NADH:ubiquinone oxidoreductase consumes or produces NADH and functions as a key enzyme in oxidative phosphorylation and the electron transport chain [46, 47]. The relationships between IP metabolism and NADH have not been discussed previously. Although it is known that NADH is required for catalysis by MIPS of glucose 6-phosphate to form inositol monophosphate , why the expression of ITPK-1 and IP4/IP6 was correlated with that of the NADH:ubiquinone oxidoreductase gene is unclear. The IP3 receptor interacted with NADH to release Ca2+ [49, 50], and Voronina et al. reported that the NADH level was related to Ca2+ signaling , which was directly modulated by the NAD+/NADH redox state . Therefore, the correlation of ITPK-1 expression with that of the NADH:ubiquinone oxidoreductase gene essentially reflects the co-regulation of redox homeostasis (NADH) and Ca2+ signaling, and implies that sequential changes in IP3 levels will in turn affect IP metabolism.

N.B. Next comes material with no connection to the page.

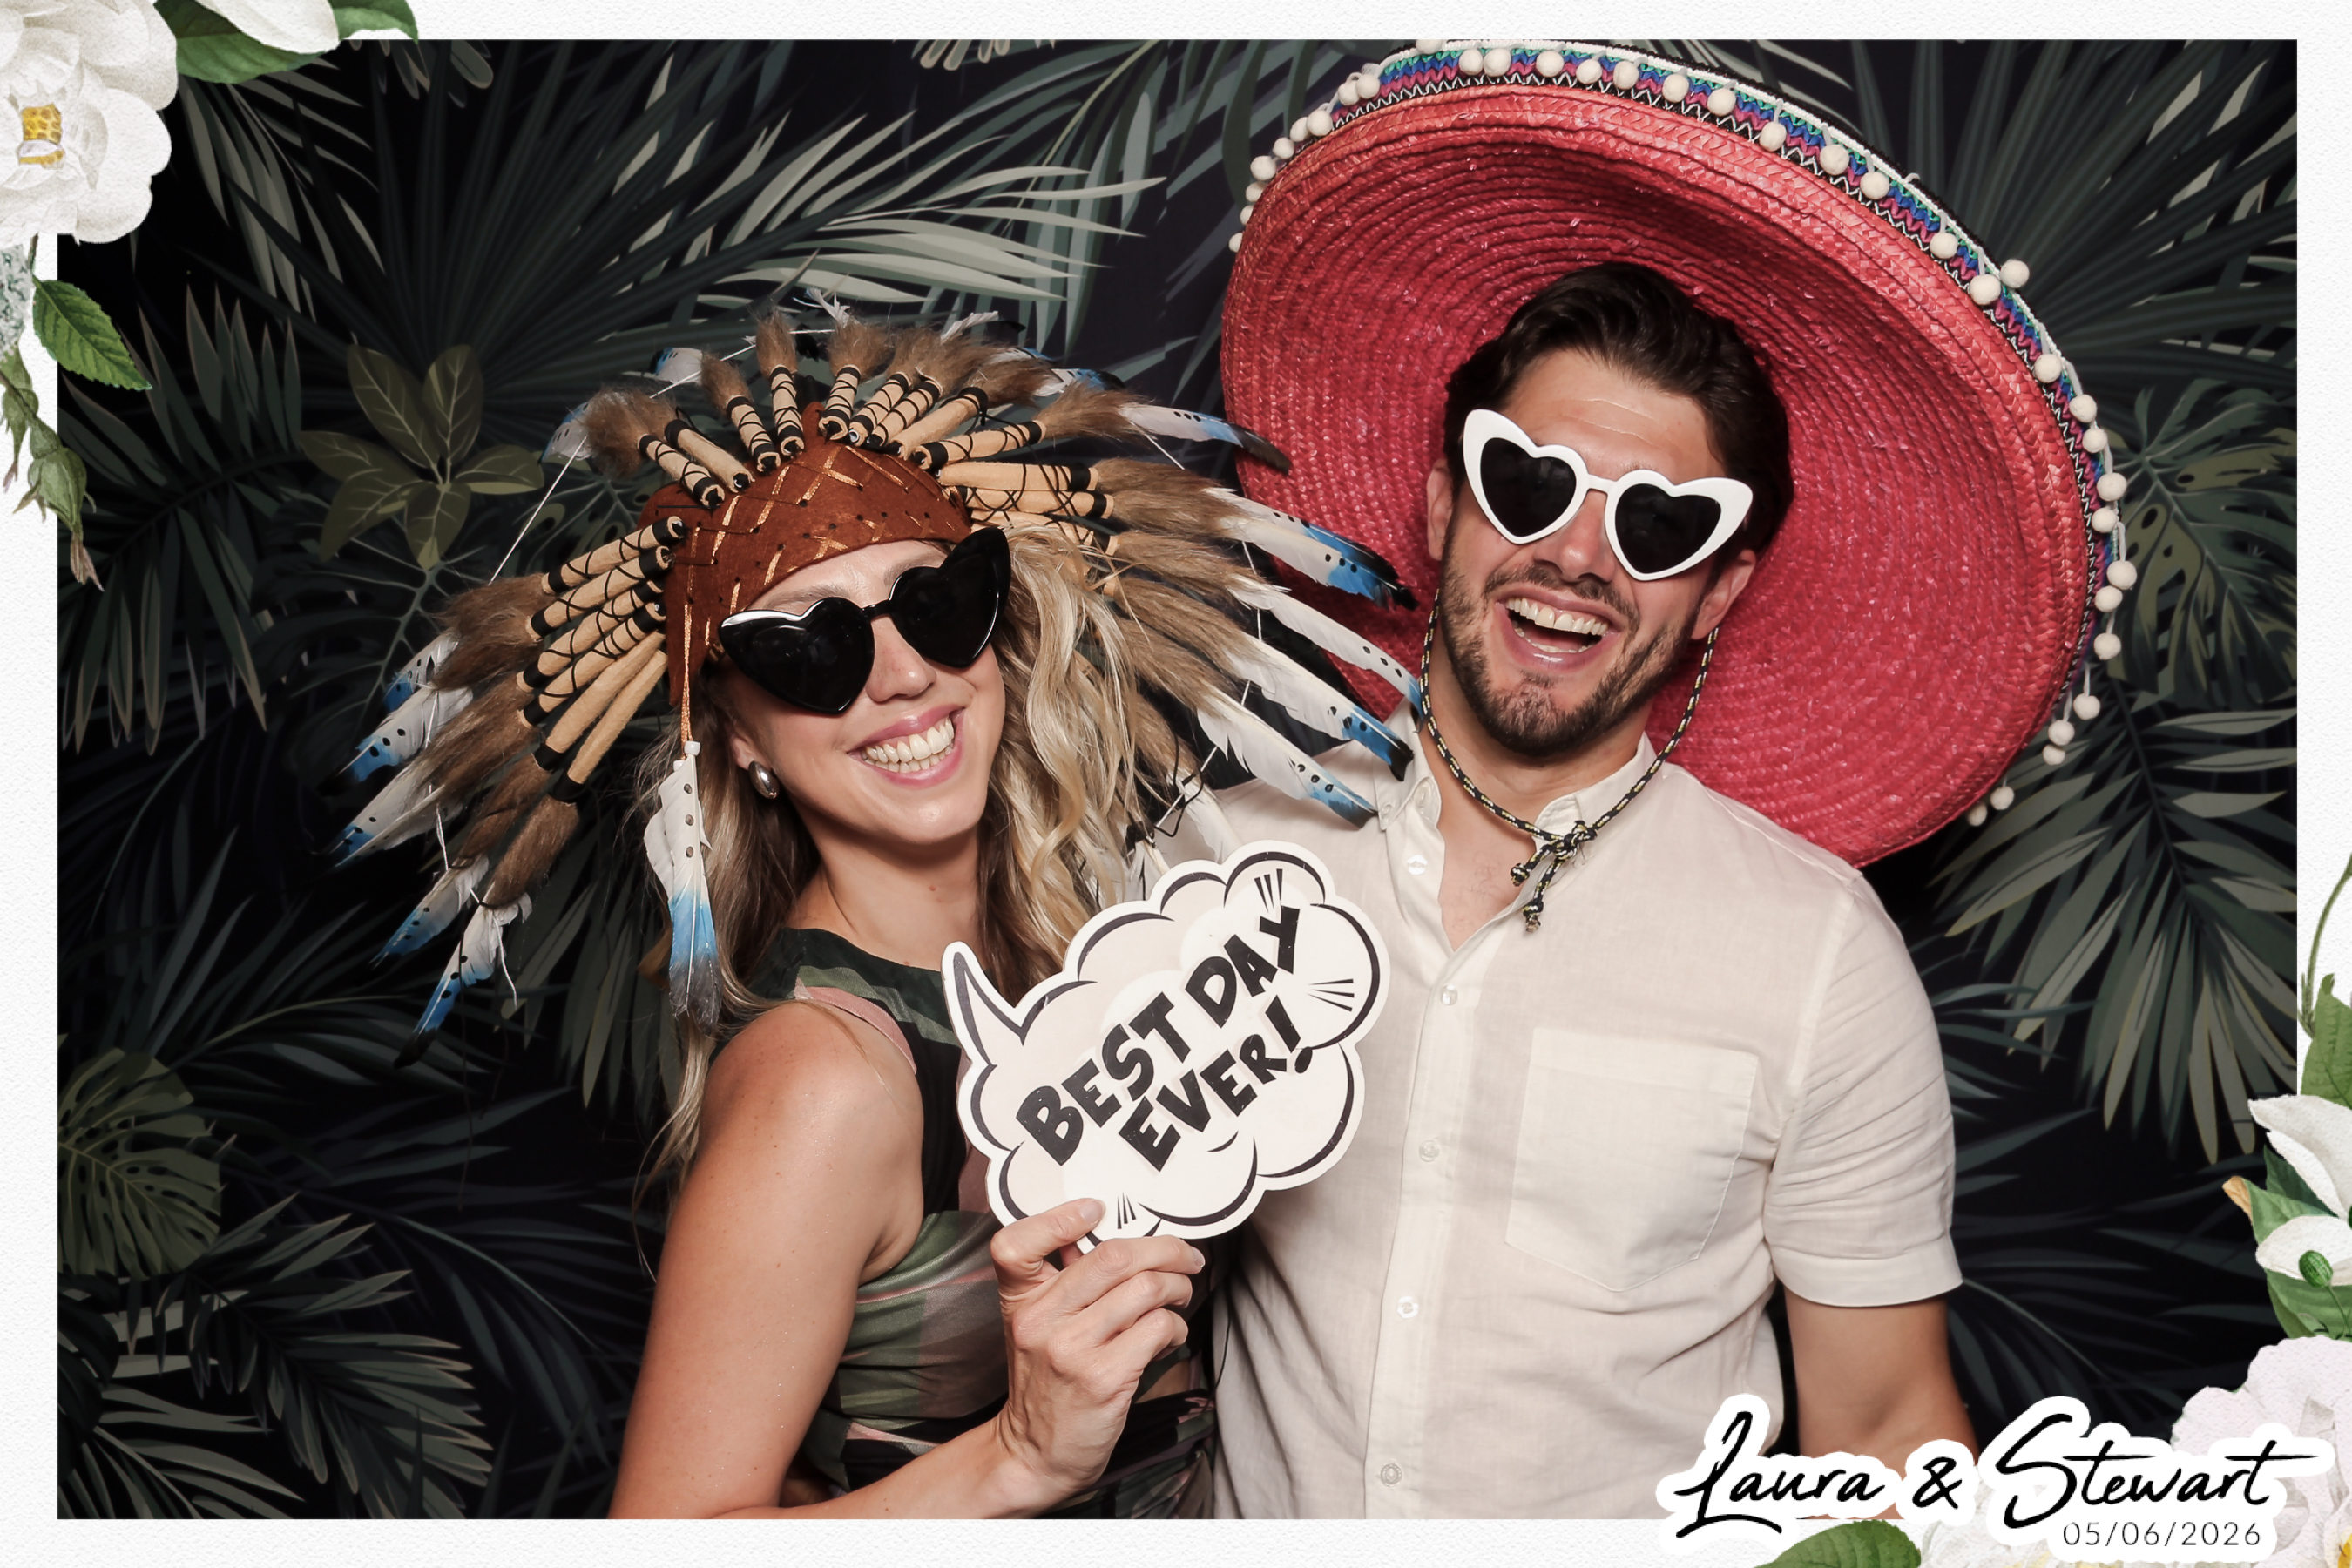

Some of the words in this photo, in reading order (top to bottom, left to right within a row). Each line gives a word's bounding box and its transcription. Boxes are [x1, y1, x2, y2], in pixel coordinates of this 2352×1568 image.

Interaction of the gibberellic acid signaling pathway with IP metabolism in the “magenta2” network
We extracted another sub-network from “magenta2” using a gene (GRMZM2G154565, node Ma1) annotated as “1-phosphatidylinositol 4,5-bisphosphate phosphodiesterase” (a member of the phospholipase C gene family) as a guide-gene (Fig. 4b, and Additional file 4, the sub-network 2 of “magenta2”). This network overlapped through four nodes (ME2, MI, MJ1, and MJ2) with the first sub-network mentioned above (Fig. 4a).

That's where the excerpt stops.